--- TASK OBJECTIVE ---
Repeat the records below verbatim.

+--

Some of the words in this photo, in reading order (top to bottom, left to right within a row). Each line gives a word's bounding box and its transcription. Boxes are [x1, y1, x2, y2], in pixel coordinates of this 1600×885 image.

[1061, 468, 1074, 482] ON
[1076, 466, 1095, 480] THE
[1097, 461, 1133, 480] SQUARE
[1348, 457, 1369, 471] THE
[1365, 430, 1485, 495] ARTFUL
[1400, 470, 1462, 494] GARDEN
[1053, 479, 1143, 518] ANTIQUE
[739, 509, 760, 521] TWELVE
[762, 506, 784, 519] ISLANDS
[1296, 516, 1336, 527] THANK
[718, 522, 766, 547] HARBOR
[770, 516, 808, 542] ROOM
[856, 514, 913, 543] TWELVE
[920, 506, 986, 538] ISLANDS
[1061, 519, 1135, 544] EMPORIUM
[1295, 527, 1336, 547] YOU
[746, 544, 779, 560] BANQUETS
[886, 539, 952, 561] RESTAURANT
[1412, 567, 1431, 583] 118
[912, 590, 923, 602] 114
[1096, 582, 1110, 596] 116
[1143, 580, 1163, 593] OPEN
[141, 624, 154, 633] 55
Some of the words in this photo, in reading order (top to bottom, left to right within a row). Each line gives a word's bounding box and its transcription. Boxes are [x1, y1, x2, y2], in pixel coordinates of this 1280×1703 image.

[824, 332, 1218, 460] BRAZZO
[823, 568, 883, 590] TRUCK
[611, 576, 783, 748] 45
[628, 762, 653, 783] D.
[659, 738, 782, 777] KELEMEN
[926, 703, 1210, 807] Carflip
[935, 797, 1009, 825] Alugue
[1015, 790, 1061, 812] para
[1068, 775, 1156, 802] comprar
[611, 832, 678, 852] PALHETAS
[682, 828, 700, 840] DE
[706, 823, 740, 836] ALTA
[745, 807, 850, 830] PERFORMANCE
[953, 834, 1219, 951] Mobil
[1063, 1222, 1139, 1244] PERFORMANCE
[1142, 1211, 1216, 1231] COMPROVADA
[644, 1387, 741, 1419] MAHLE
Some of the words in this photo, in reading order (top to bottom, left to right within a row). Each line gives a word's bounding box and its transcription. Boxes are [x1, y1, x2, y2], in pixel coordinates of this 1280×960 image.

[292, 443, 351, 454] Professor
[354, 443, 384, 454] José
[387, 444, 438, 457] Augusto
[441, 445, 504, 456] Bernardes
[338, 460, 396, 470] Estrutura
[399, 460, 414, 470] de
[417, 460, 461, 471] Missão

+--

--- ANSWER SECTION ---
Some of the words in this photo, in reading order (top to bottom, left to right within a row). Each line gives a word's bounding box and its transcription. Boxes are [x1, y1, x2, y2], in pixel coordinates of this 1600×885 image.

[1061, 468, 1074, 482] ON
[1076, 466, 1095, 480] THE
[1097, 461, 1133, 480] SQUARE
[1348, 457, 1369, 471] THE
[1365, 430, 1485, 495] ARTFUL
[1400, 470, 1462, 494] GARDEN
[1053, 479, 1143, 518] ANTIQUE
[739, 509, 760, 521] TWELVE
[762, 506, 784, 519] ISLANDS
[1296, 516, 1336, 527] THANK
[718, 522, 766, 547] HARBOR
[770, 516, 808, 542] ROOM
[856, 514, 913, 543] TWELVE
[920, 506, 986, 538] ISLANDS
[1061, 519, 1135, 544] EMPORIUM
[1295, 527, 1336, 547] YOU
[746, 544, 779, 560] BANQUETS
[886, 539, 952, 561] RESTAURANT
[1412, 567, 1431, 583] 118
[912, 590, 923, 602] 114
[1096, 582, 1110, 596] 116
[1143, 580, 1163, 593] OPEN
[141, 624, 154, 633] 55
Some of the words in this photo, in reading order (top to bottom, left to right within a row). Each line gives a word's bounding box and its transcription. Boxes are [x1, y1, x2, y2], in pixel coordinates of this 1280×1703 image.

[824, 332, 1218, 460] BRAZZO
[823, 568, 883, 590] TRUCK
[611, 576, 783, 748] 45
[628, 762, 653, 783] D.
[659, 738, 782, 777] KELEMEN
[926, 703, 1210, 807] Carflip
[935, 797, 1009, 825] Alugue
[1015, 790, 1061, 812] para
[1068, 775, 1156, 802] comprar
[611, 832, 678, 852] PALHETAS
[682, 828, 700, 840] DE
[706, 823, 740, 836] ALTA
[745, 807, 850, 830] PERFORMANCE
[953, 834, 1219, 951] Mobil
[1063, 1222, 1139, 1244] PERFORMANCE
[1142, 1211, 1216, 1231] COMPROVADA
[644, 1387, 741, 1419] MAHLE
Some of the words in this photo, in reading order (top to bottom, left to right within a row). Each line gives a word's bounding box and its transcription. Boxes are [x1, y1, x2, y2], in pixel coordinates of this 1280×960 image.

[292, 443, 351, 454] Professor
[354, 443, 384, 454] José
[387, 444, 438, 457] Augusto
[441, 445, 504, 456] Bernardes
[338, 460, 396, 470] Estrutura
[399, 460, 414, 470] de
[417, 460, 461, 471] Missão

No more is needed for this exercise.